* Work task: From top to bottom, write out the listing exactly.

* Records for this exercise:

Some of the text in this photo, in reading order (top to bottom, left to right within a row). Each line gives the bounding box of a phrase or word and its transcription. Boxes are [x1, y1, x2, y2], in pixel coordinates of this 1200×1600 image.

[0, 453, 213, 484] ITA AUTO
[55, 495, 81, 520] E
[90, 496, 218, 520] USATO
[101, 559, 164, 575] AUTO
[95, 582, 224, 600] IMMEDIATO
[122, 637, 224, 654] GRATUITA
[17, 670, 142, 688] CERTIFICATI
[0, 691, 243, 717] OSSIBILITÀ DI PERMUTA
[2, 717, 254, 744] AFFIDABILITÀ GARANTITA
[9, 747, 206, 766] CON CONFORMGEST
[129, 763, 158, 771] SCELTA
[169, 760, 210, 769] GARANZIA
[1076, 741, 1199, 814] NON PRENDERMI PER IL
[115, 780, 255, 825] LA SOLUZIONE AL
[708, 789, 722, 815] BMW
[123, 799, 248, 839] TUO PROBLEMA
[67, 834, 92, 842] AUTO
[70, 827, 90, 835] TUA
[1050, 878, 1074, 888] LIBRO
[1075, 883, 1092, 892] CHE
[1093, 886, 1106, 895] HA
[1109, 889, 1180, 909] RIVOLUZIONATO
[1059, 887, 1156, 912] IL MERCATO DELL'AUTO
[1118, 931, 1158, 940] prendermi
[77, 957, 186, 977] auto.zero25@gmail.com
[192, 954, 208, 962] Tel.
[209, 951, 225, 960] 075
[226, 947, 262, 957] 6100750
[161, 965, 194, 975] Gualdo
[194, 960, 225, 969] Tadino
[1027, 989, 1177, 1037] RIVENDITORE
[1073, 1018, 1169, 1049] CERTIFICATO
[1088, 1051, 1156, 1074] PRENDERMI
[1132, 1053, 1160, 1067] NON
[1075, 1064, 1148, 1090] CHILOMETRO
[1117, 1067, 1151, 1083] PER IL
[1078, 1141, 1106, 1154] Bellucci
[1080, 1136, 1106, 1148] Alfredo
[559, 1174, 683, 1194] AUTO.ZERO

* Solution for this task:
Some of the text in this photo, in reading order (top to bottom, left to right within a row). Each line gives the bounding box of a phrase or word and its transcription. Boxes are [x1, y1, x2, y2], in pixel coordinates of this 1200×1600 image.

[0, 453, 213, 484] ITA AUTO
[55, 495, 81, 520] E
[90, 496, 218, 520] USATO
[101, 559, 164, 575] AUTO
[95, 582, 224, 600] IMMEDIATO
[122, 637, 224, 654] GRATUITA
[17, 670, 142, 688] CERTIFICATI
[0, 691, 243, 717] OSSIBILITÀ DI PERMUTA
[2, 717, 254, 744] AFFIDABILITÀ GARANTITA
[9, 747, 206, 766] CON CONFORMGEST
[129, 763, 158, 771] SCELTA
[169, 760, 210, 769] GARANZIA
[1076, 741, 1199, 814] NON PRENDERMI PER IL
[115, 780, 255, 825] LA SOLUZIONE AL
[708, 789, 722, 815] BMW
[123, 799, 248, 839] TUO PROBLEMA
[67, 834, 92, 842] AUTO
[70, 827, 90, 835] TUA
[1050, 878, 1074, 888] LIBRO
[1075, 883, 1092, 892] CHE
[1093, 886, 1106, 895] HA
[1109, 889, 1180, 909] RIVOLUZIONATO
[1059, 887, 1156, 912] IL MERCATO DELL'AUTO
[1118, 931, 1158, 940] prendermi
[77, 957, 186, 977] auto.zero25@gmail.com
[192, 954, 208, 962] Tel.
[209, 951, 225, 960] 075
[226, 947, 262, 957] 6100750
[161, 965, 194, 975] Gualdo
[194, 960, 225, 969] Tadino
[1027, 989, 1177, 1037] RIVENDITORE
[1073, 1018, 1169, 1049] CERTIFICATO
[1088, 1051, 1156, 1074] PRENDERMI
[1132, 1053, 1160, 1067] NON
[1075, 1064, 1148, 1090] CHILOMETRO
[1117, 1067, 1151, 1083] PER IL
[1078, 1141, 1106, 1154] Bellucci
[1080, 1136, 1106, 1148] Alfredo
[559, 1174, 683, 1194] AUTO.ZERO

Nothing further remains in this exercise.